On April 10, the Dutch vehicle authority (RDW) granted the first European approval for Tesla FSD (Supervised). Early access users in the Netherlands started receiving the software shortly after. Lithuania, Estonia, Belgium, and Denmark quickly followed by recognizing the Dutch approval. For the first time, European Tesla drivers could pay roughly €99 per month and experience what we’ve had for years.
Tesla was bullish. The company had logged massive European testing miles, submitted thousands of pages of documentation, and believed a broader EU rollout could happen by summer. After years of regulatory frustration, it finally felt like momentum. Then Sweden hit the brakes.

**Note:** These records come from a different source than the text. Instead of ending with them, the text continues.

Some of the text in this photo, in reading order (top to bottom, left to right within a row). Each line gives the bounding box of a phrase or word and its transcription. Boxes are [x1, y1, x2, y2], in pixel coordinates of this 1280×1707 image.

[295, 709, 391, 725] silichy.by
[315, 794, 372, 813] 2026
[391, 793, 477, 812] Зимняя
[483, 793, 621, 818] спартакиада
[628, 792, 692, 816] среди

In mid-June, a letter from Sweden’s Transport Administration (dated April 30 but only recently made public) landed like a speed camera flash. Sweden told the EU’s Technical Committee on Motor Vehicles: do not approve Tesla FSD across the bloc unless the company removes the “Speed Offset” feature.

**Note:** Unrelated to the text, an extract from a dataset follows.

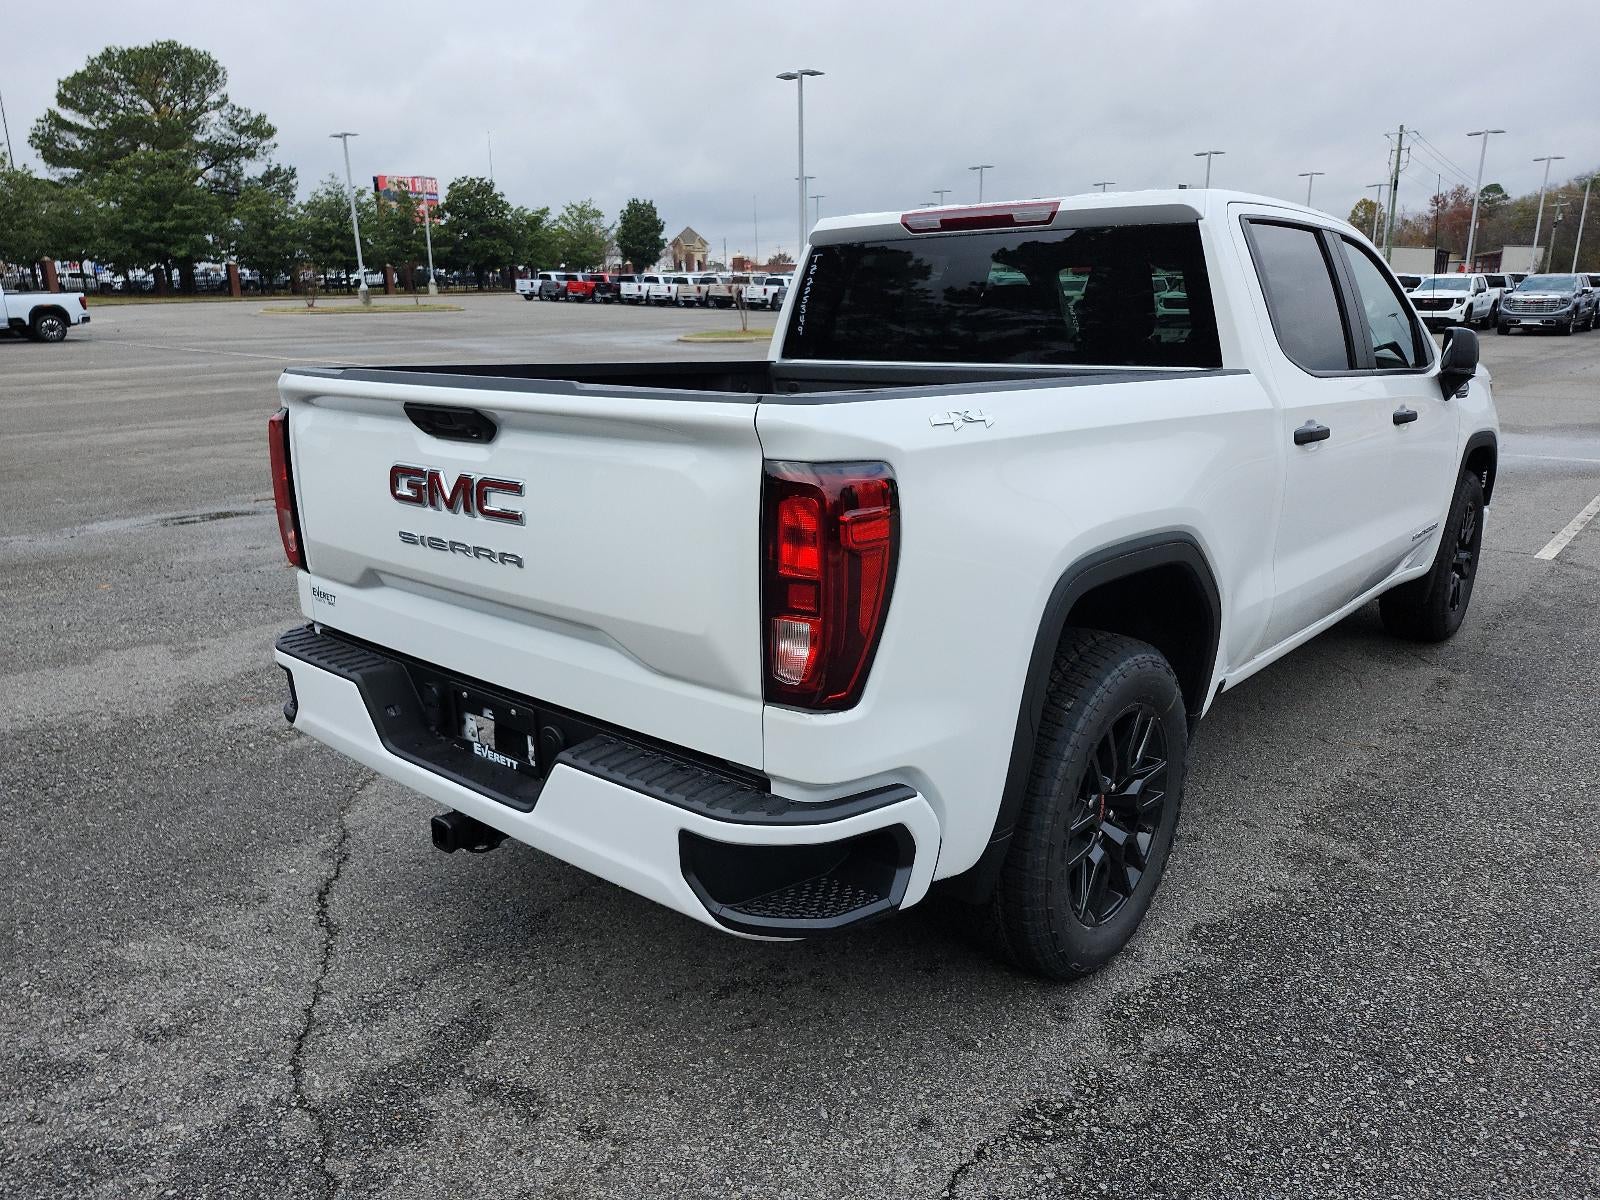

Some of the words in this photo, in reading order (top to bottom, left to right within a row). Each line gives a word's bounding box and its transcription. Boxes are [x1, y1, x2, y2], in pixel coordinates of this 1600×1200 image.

[389, 461, 527, 527] GMC
[398, 530, 525, 569] SIERRA
[473, 741, 519, 770] EVERETT

In the US version of FSD, you choose a driving personality—Chill, Standard, Hurry, or the unhinged Mad Max. Europe got a different interface. Instead of those profiles, Tesla offers “Contextual Max Speed” (which tries to match surrounding traffic) and a Max Speed Offset slider.
You can tell the car to drive at the posted limit plus 5 km/h, plus 10%, or whatever margin you set. The idea is practical: traffic rarely moves at exactly the speed limit, and a car that sits 10 km/h slower than everyone else creates its own problems.

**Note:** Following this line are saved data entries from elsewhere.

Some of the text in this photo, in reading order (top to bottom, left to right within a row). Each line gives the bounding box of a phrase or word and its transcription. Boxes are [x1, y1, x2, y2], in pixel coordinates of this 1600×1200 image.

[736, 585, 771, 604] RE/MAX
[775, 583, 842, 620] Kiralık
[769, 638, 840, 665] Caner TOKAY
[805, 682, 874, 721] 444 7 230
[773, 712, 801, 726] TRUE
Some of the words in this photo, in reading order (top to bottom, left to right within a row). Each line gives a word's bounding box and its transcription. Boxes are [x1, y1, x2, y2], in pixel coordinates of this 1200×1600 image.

To most American drivers, this feels normal. On our highways, 5–10 mph over the limit is often the actual flow of traffic. FSD doing the same thing just feels… human.
Swedish regulators see something else entirely. Their letter was direct: allowing an automated system to systematically exceed legal speed limits “risks undermining both the legal framework and the expected safety benefits of vehicle automation.” Sweden’s representative on the EU committee has made it clear—they will vote no unless Tesla disables the offset capability.
This isn’t abstract bureaucracy. Europe enforces speed limits differently. Speed cameras are everywhere, fines are painful, and the culture treats speeding as a serious violation rather than a flexible suggestion. Letting the car’s AI have a built-in “I’ll go a little faster” option feels, to them, like designing the system to break the law from the start.
Tesla faces a genuine dilemma here. Removing or geofencing the Speed Offset for Europe is technically trivial—a software flag. But it risks making FSD feel less capable or less natural to European buyers. If the car becomes overly timid, glued to the exact speed limit while traffic flows around it, owners might wonder why they’re paying extra.
More critically, an EU-wide rejection could create a domino effect. The Dutch approval is provisional. If the broader European effort fails, that approval could lapse after six months, potentially dragging down the national approvals that relied on it. Expansion that looked inevitable a month ago could stall or fragment.
For American readers, this story reveals something important about Tesla’s global bet. FSD was trained heavily on American roads, American driving culture, and American tolerance for “reasonable” speeding. Exporting it isn’t just a software update—it’s a negotiation with entirely different philosophies about risk, liability, and how strictly rules should be followed.
Tesla has navigated tough regulatory environments before (China comes to mind). They’ll almost certainly find a workaround—likely a stricter “EU compliance mode” or heavy lobbying ahead of the June 30 committee meeting. But every month of delay costs subscriptions, real-world training miles, and sales momentum in a market where Chinese EVs are already aggressive competitors.
The irony is hard to miss. One of the most advanced AI driving systems in the world is currently being slowed down by something as ordinary as speed limit rules. It’s a reminder that the hardest part of autonomy may not be teaching the car to drive—it may be teaching regulators and cultures to trust it.
FSD has finally arrived in parts of Europe. Whether it can spread freely, or whether it gets stuck negotiating speed limits country by country, will tell us a lot about how quickly (or slowly) the rest of the world catches up to what American Tesla owners have already been living with. The technology is ready. The regulations—and the cultures behind them—are still catching up.